> **What to produce**: The answer must reproduce all of the data below exactly and contain no images.

> **Recorded information**:
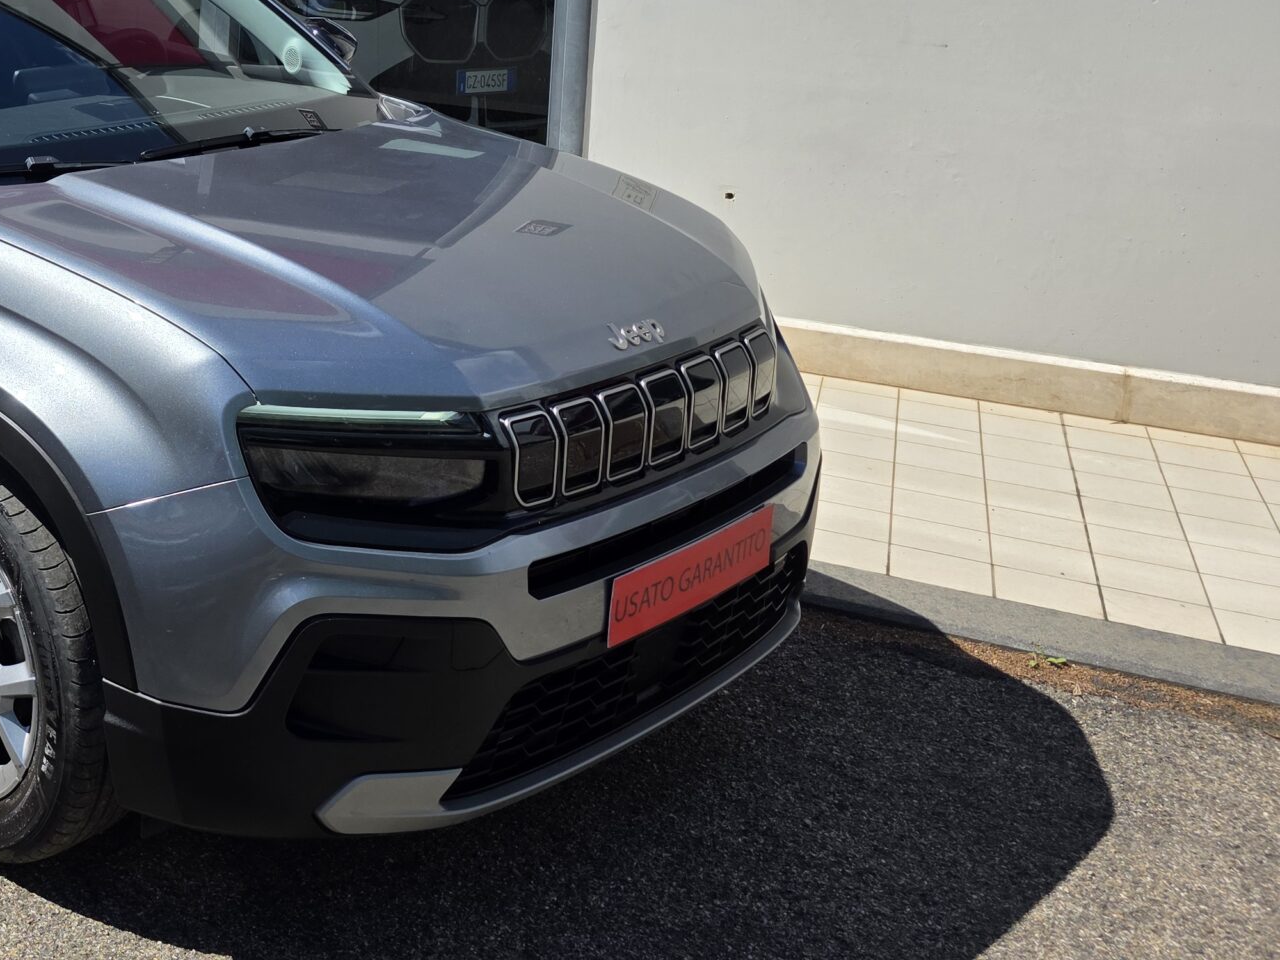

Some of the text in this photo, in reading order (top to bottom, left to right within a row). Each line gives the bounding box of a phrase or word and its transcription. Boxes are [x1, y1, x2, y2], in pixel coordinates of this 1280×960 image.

[606, 319, 665, 350] Jeep
[614, 527, 766, 623] USATO GARANTITO
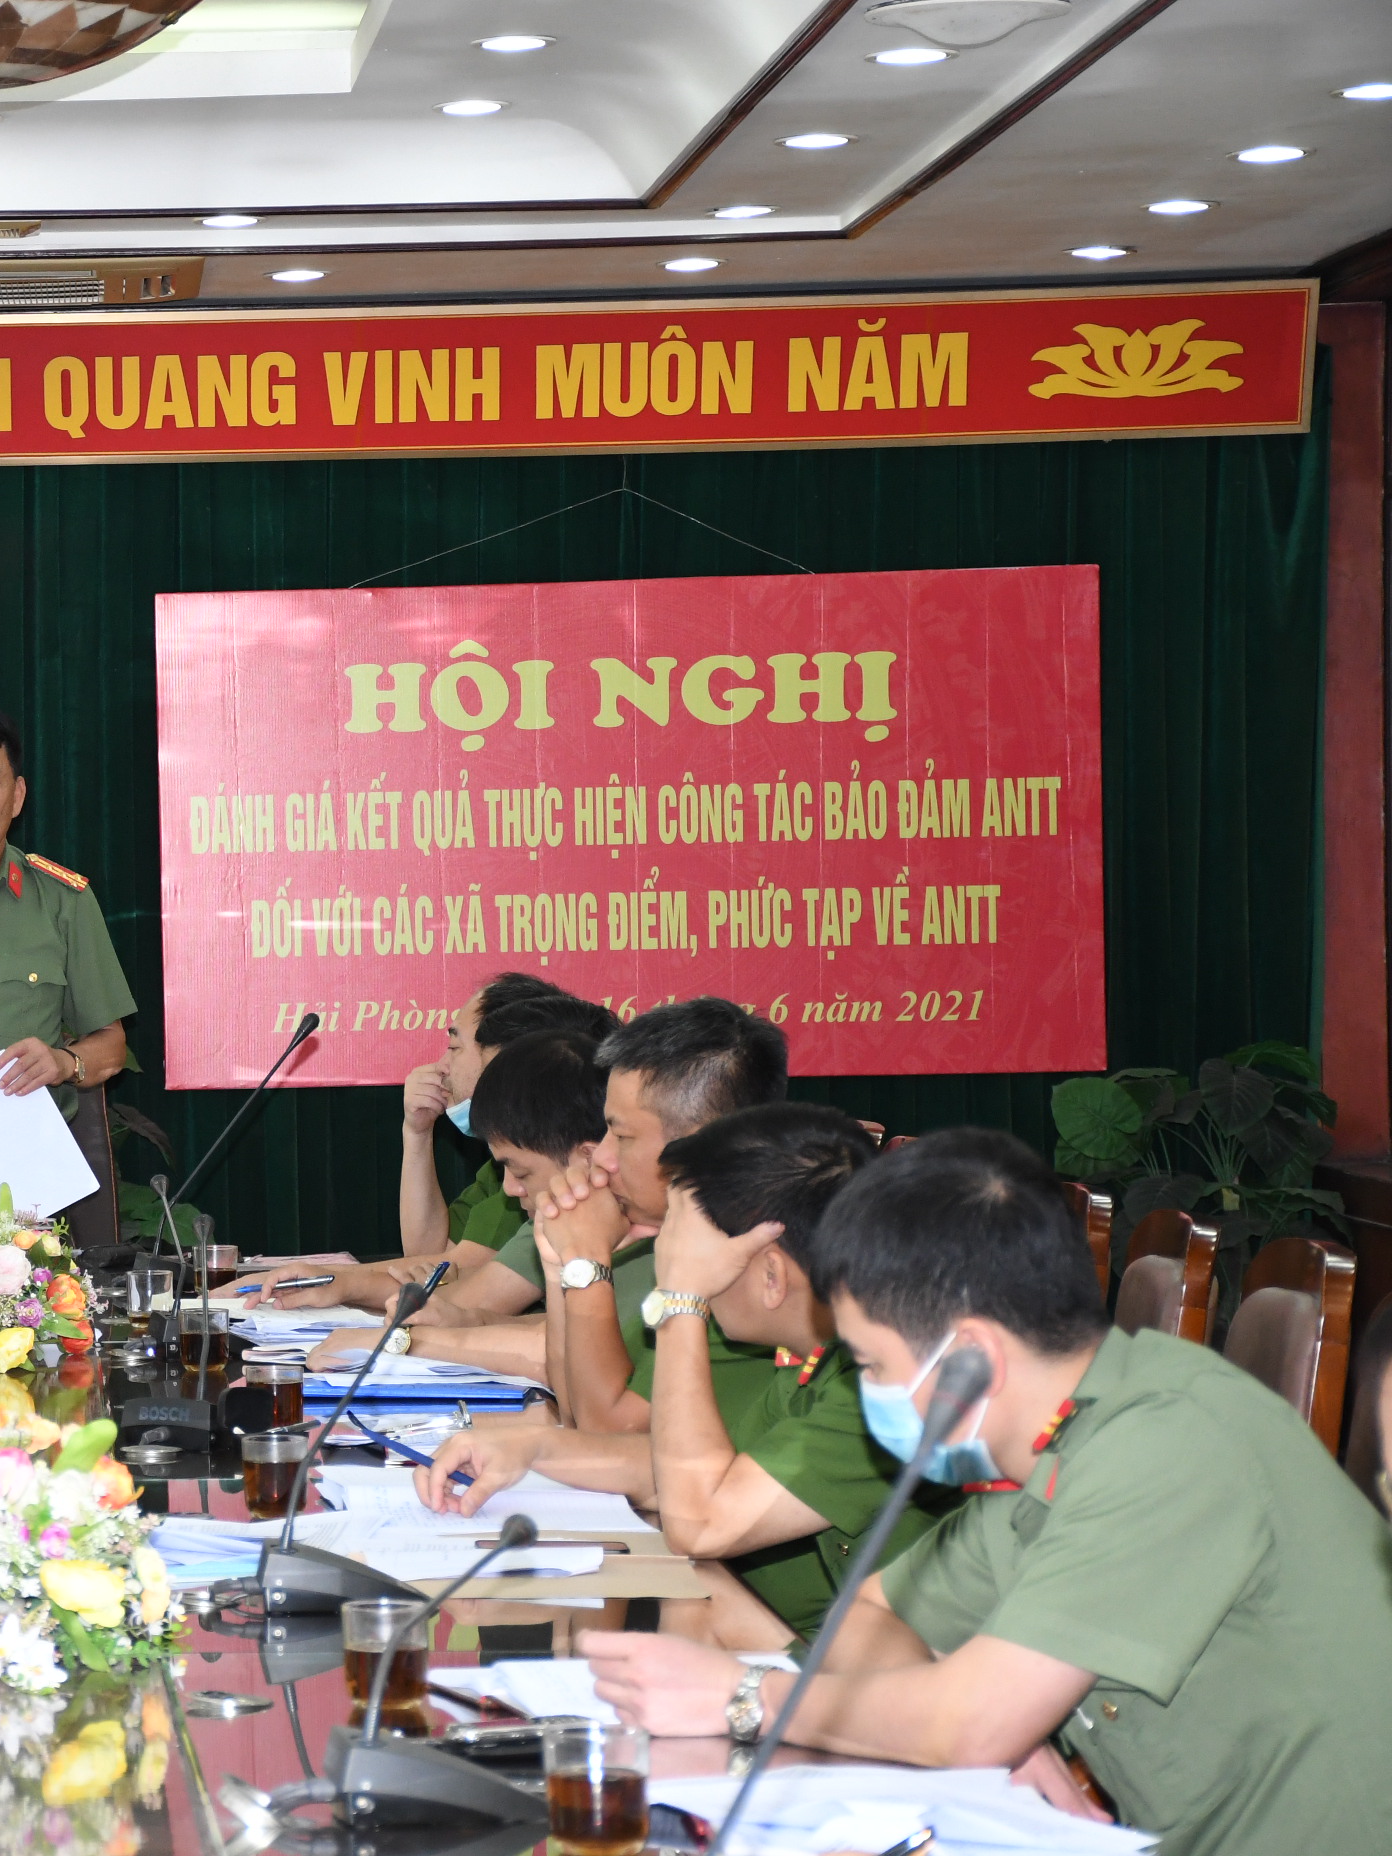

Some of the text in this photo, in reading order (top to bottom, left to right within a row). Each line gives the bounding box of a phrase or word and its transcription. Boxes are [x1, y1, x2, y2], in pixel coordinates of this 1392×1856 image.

[44, 351, 297, 439] QUANG
[324, 347, 500, 426] VINH
[536, 324, 754, 419] MUÔN
[789, 318, 969, 412] NĂM
[344, 639, 898, 752] HỘI NGHỊ
[189, 757, 1061, 861] ĐÁNH GIÁ KẾT QUẢ THỰC HIỆN CÔNG TÁC BẢO ĐẢM ANTT
[251, 866, 1001, 966] ĐỐI VỚI CÁC XÃ TRỌNG ĐIỂM, PHỨC TẠP VỀ ANTT
[769, 992, 790, 1025] 6
[801, 991, 884, 1024] năm
[895, 990, 985, 1022] 2021
[138, 1406, 191, 1422] BOSCH

> **Task solution**:
Some of the text in this photo, in reading order (top to bottom, left to right within a row). Each line gives the bounding box of a phrase or word and its transcription. Boxes are [x1, y1, x2, y2], in pixel coordinates of this 1280×960 image.

[606, 319, 665, 350] Jeep
[614, 527, 766, 623] USATO GARANTITO

Some of the text in this photo, in reading order (top to bottom, left to right within a row). Each line gives the bounding box of a phrase or word and its transcription. Boxes are [x1, y1, x2, y2], in pixel coordinates of this 1392×1856 image.

[44, 351, 297, 439] QUANG
[324, 347, 500, 426] VINH
[536, 324, 754, 419] MUÔN
[789, 318, 969, 412] NĂM
[344, 639, 898, 752] HỘI NGHỊ
[189, 757, 1061, 861] ĐÁNH GIÁ KẾT QUẢ THỰC HIỆN CÔNG TÁC BẢO ĐẢM ANTT
[251, 866, 1001, 966] ĐỐI VỚI CÁC XÃ TRỌNG ĐIỂM, PHỨC TẠP VỀ ANTT
[769, 992, 790, 1025] 6
[801, 991, 884, 1024] năm
[895, 990, 985, 1022] 2021
[138, 1406, 191, 1422] BOSCH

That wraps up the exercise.